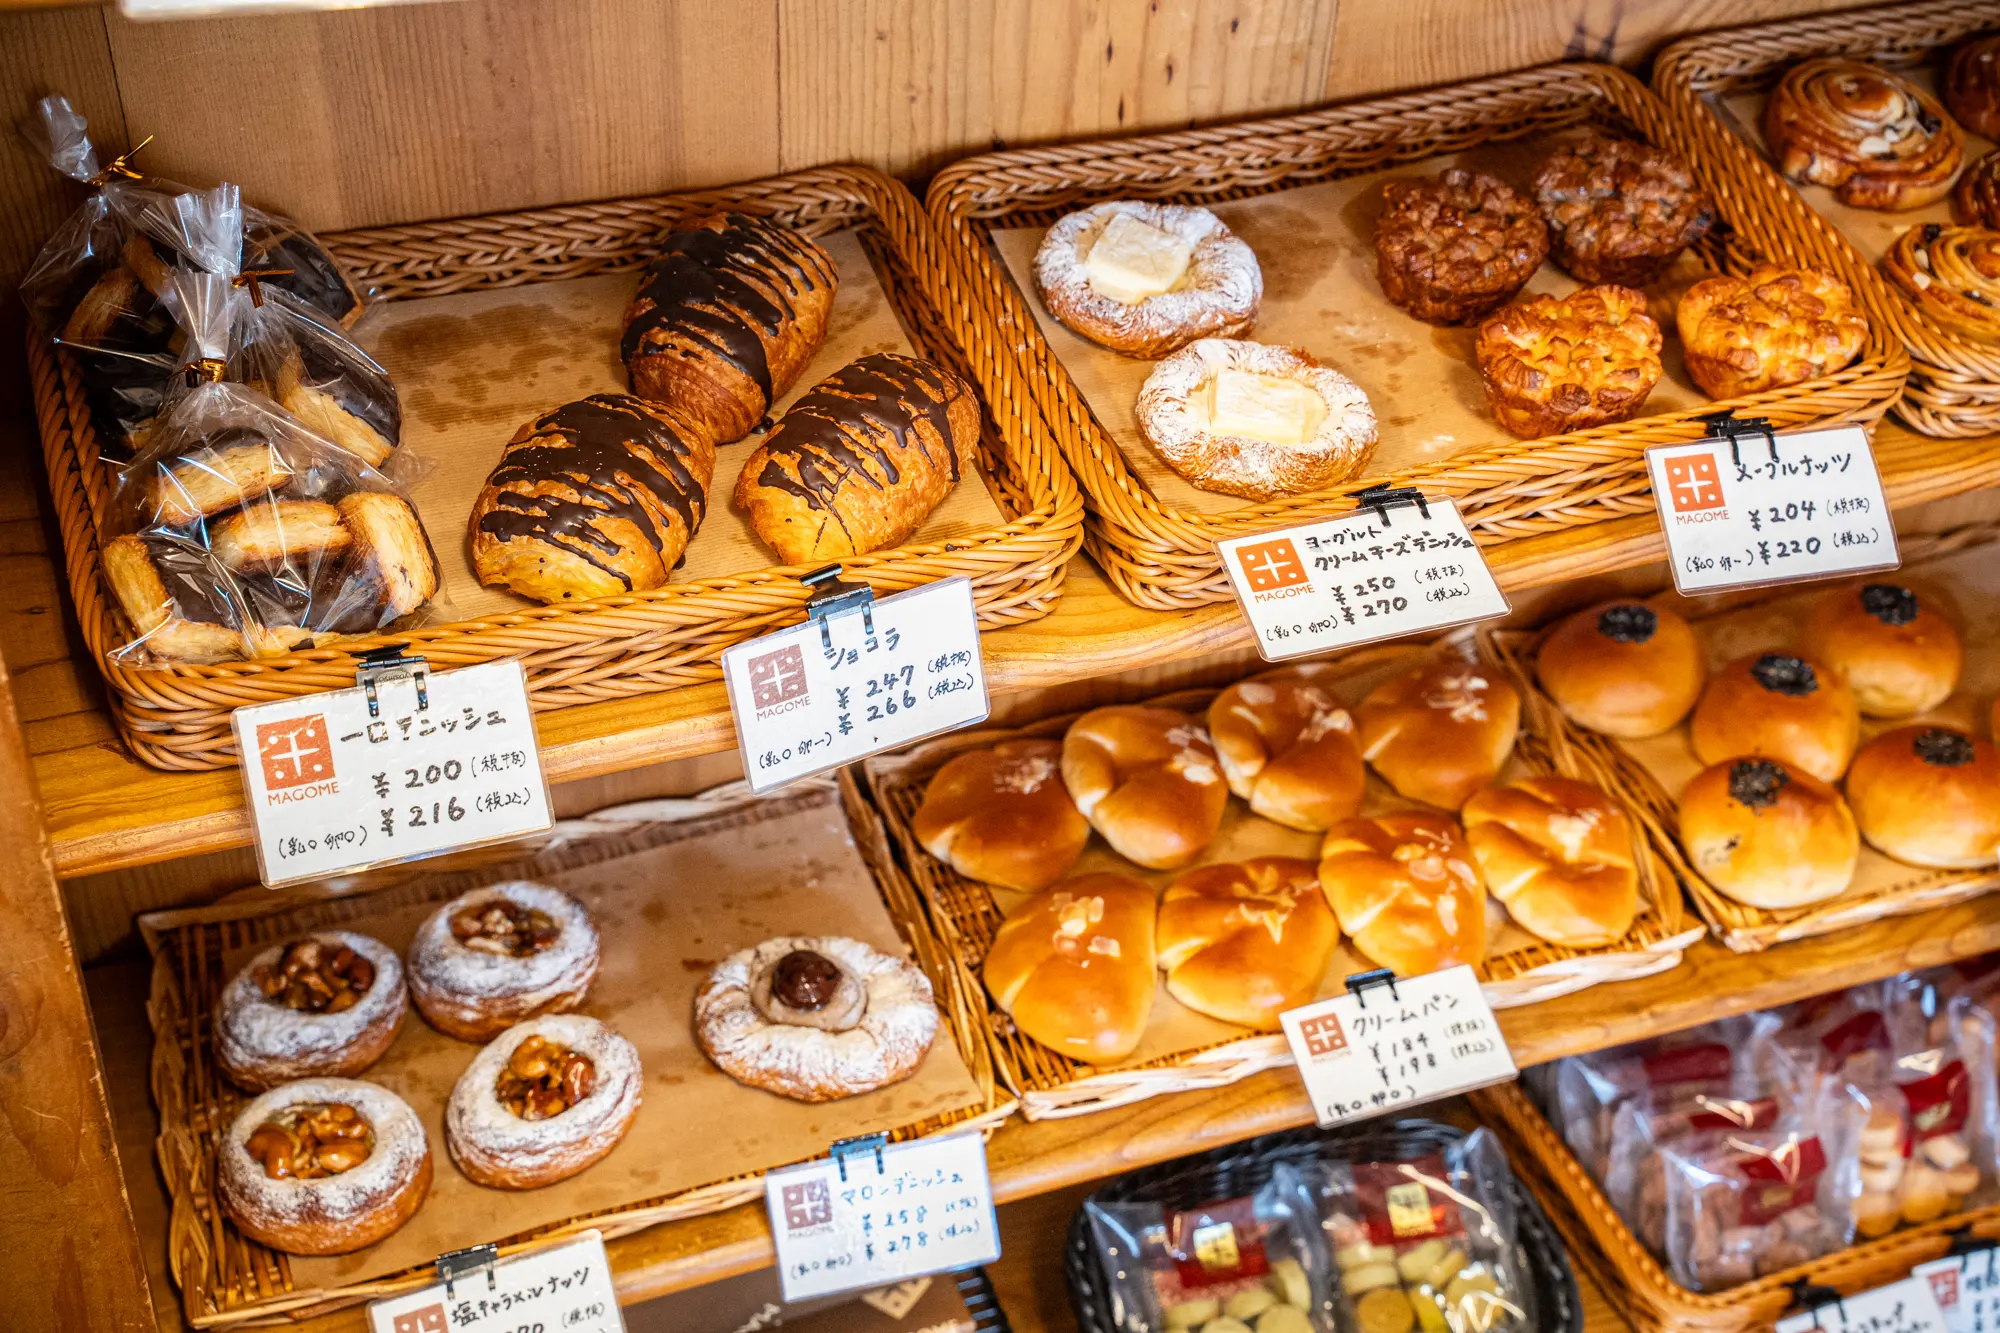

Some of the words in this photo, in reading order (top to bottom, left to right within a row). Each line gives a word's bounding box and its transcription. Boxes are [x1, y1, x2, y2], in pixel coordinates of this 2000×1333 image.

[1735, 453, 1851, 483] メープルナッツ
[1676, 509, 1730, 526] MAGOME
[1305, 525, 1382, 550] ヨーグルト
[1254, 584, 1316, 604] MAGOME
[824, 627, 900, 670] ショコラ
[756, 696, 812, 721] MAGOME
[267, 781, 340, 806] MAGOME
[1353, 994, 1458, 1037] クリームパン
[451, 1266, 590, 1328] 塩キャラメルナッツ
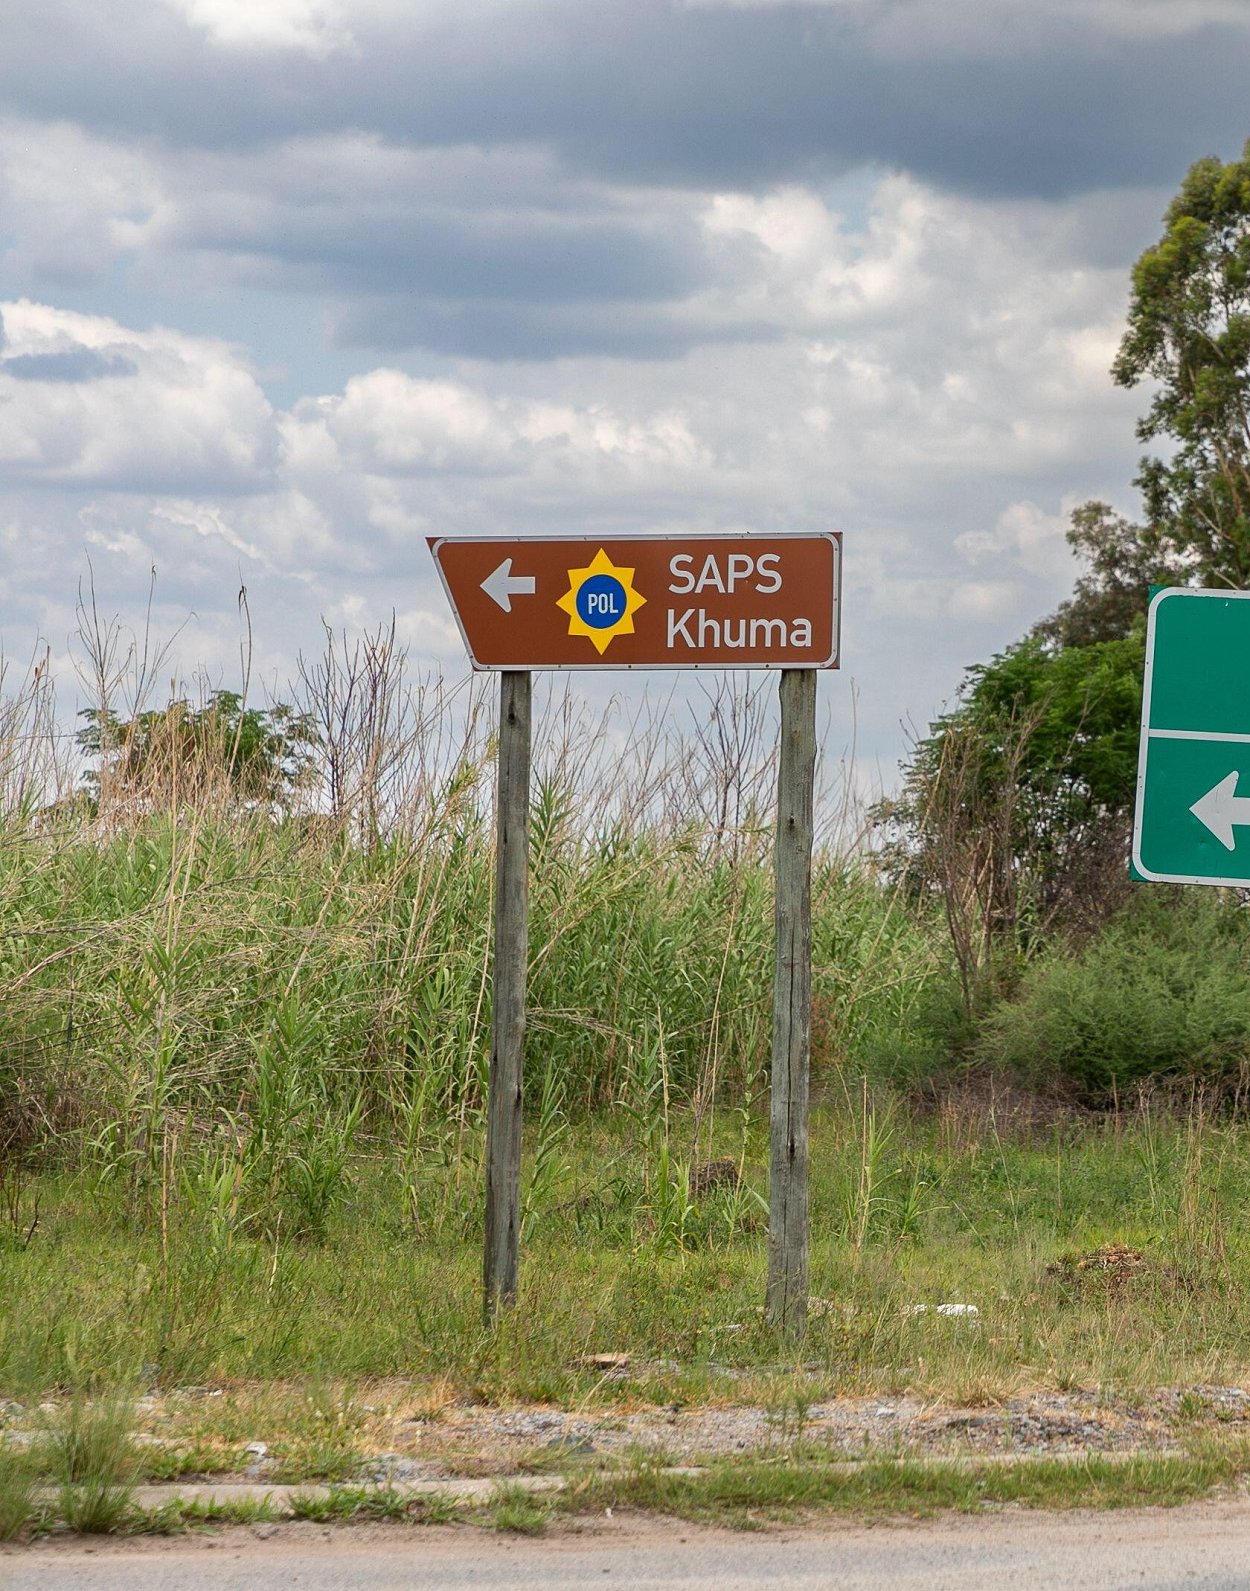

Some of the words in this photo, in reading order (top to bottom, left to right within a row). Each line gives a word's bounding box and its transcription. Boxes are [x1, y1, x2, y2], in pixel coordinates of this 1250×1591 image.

• Exercise prompt:
Restate every line of the data above word for word, with the images removed.

• Response for this exercise:
Some of the words in this photo, in reading order (top to bottom, left to right within a row). Each line gives a word's bounding box and its transcription. Boxes are [x1, y1, x2, y2], in pixel coordinates of this 2000×1333 image.

[1735, 453, 1851, 483] メープルナッツ
[1676, 509, 1730, 526] MAGOME
[1305, 525, 1382, 550] ヨーグルト
[1254, 584, 1316, 604] MAGOME
[824, 627, 900, 670] ショコラ
[756, 696, 812, 721] MAGOME
[267, 781, 340, 806] MAGOME
[1353, 994, 1458, 1037] クリームパン
[451, 1266, 590, 1328] 塩キャラメルナッツ

Some of the words in this photo, in reading order (top to bottom, left to right within a row). Each line gives a word's bounding box and its transcription. Boxes are [x1, y1, x2, y2], in pixel coordinates of this 1250×1591 image.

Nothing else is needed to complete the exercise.